Все это было весьма интересно, и мы с мисс Говард по-прежнему жалели, что не можем побывать там и взглянуть сами; но ни один из нас не завидовал участи доктора, ставшего особым объектом ненависти Либби — памятуя о массе обнаруженных нами примеров того, как она обращалась с людьми, и молодыми, и старыми, мешавшими ее замыслам. Признаюсь, чем больше я слышал об освидетельствовании, тем больше беспокоился за доктора, пока наконец не спросил, позаботился ли он о наличии во время этих бесед кого-то, способного помешать этой женщине причинить ему какой-то внезапный, неожиданный физический ущерб. Он ответил, что да: каждую минуту, что он проводит в камере Либби, за дверью находится охранник Генри и тщательно следит за всем происходящим.

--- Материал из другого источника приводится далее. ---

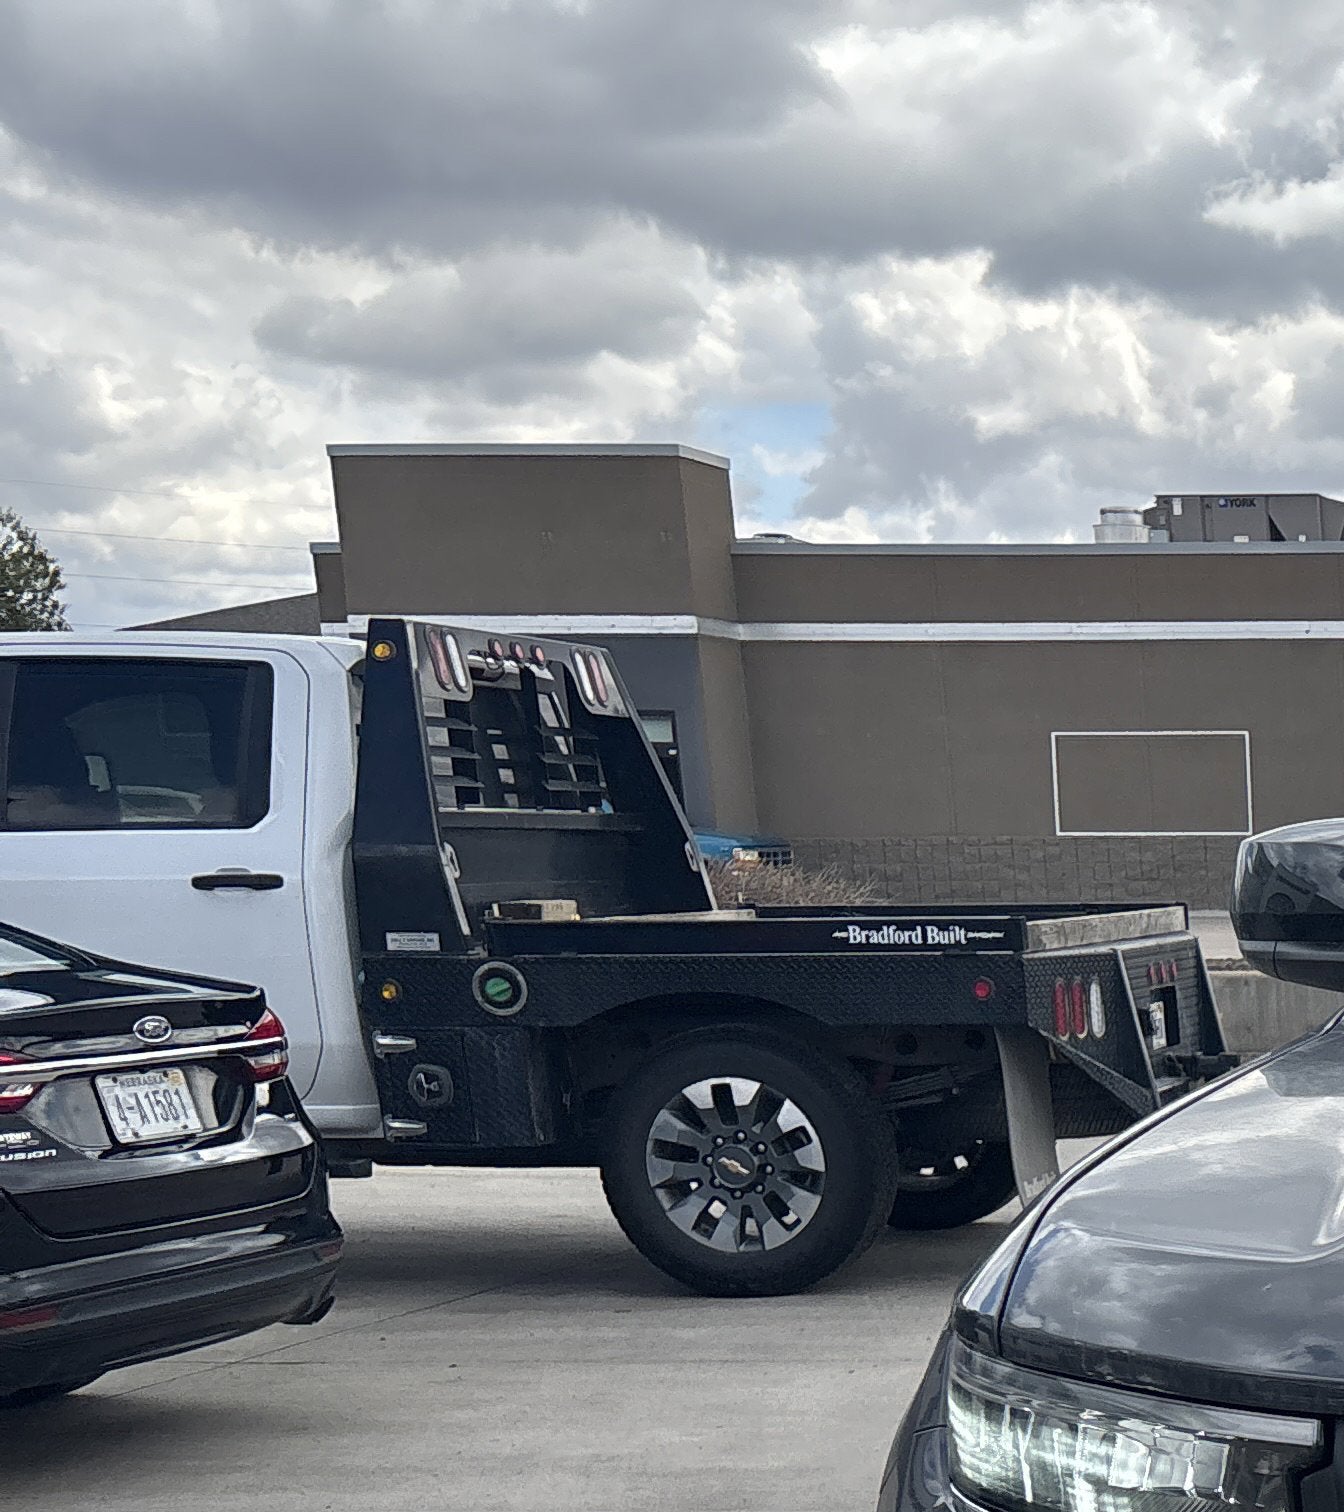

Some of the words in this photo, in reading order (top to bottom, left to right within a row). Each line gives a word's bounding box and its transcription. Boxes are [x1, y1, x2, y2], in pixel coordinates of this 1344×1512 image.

[1229, 498, 1256, 508] YORK
[847, 925, 923, 945] Bradford
[925, 925, 968, 945] Built

Что же до детектив-сержантов и мистера Мура, то их попытки выяснить, что мистер Дэрроу замышляет в Саратоге, были примерно столь же плодотворными, что и усилия нашего отряда разузнать прошлое Либби, — но только до субботы. Тем вечером, когда остальные из нас сидели в столовой мистера Пиктона и слушали рассказ доктора о его последней беседе с Либби, явились эти трое — позже, чем обычно, и в настроении существенно лучшем, нежели то, с коим они покинули дом поутру. Им, кажется, наконец улыбнулась удача в лице частного сыщика, работавшего на Дэрроу в Нью-Йорке: Люциус знал сыщика, и когда тот объявился в отеле «Гранд-Юнион» с отчетом для мистера Дэрроу, детектив-сержант перехватил его и выжал кое-какие сведения — естественно, не сообщая, что трудится на противоположную сторону. И хотя этот человек не сообщил особых подробностей, его общих замечаний хватало, чтобы удостовериться: Дэрроу действительно пытался разведать все, что только мог, относительно текущей деятельности доктора и ситуации в городе, включая проблемы, с которыми тот столкнулся после самоубийства Поли Макферсона. Ничто из этого в принципе не шокировало: мы с самого начала догадывались, что Дэрроу для опровержения наших действий против Либби Хатч мишенью изберет доктора. Но одно, как говорится, замечание, вскользь брошенное Люциусом насчет прочих сведений от сыщика, вызвало у доктора существенно большую обеспокоенность.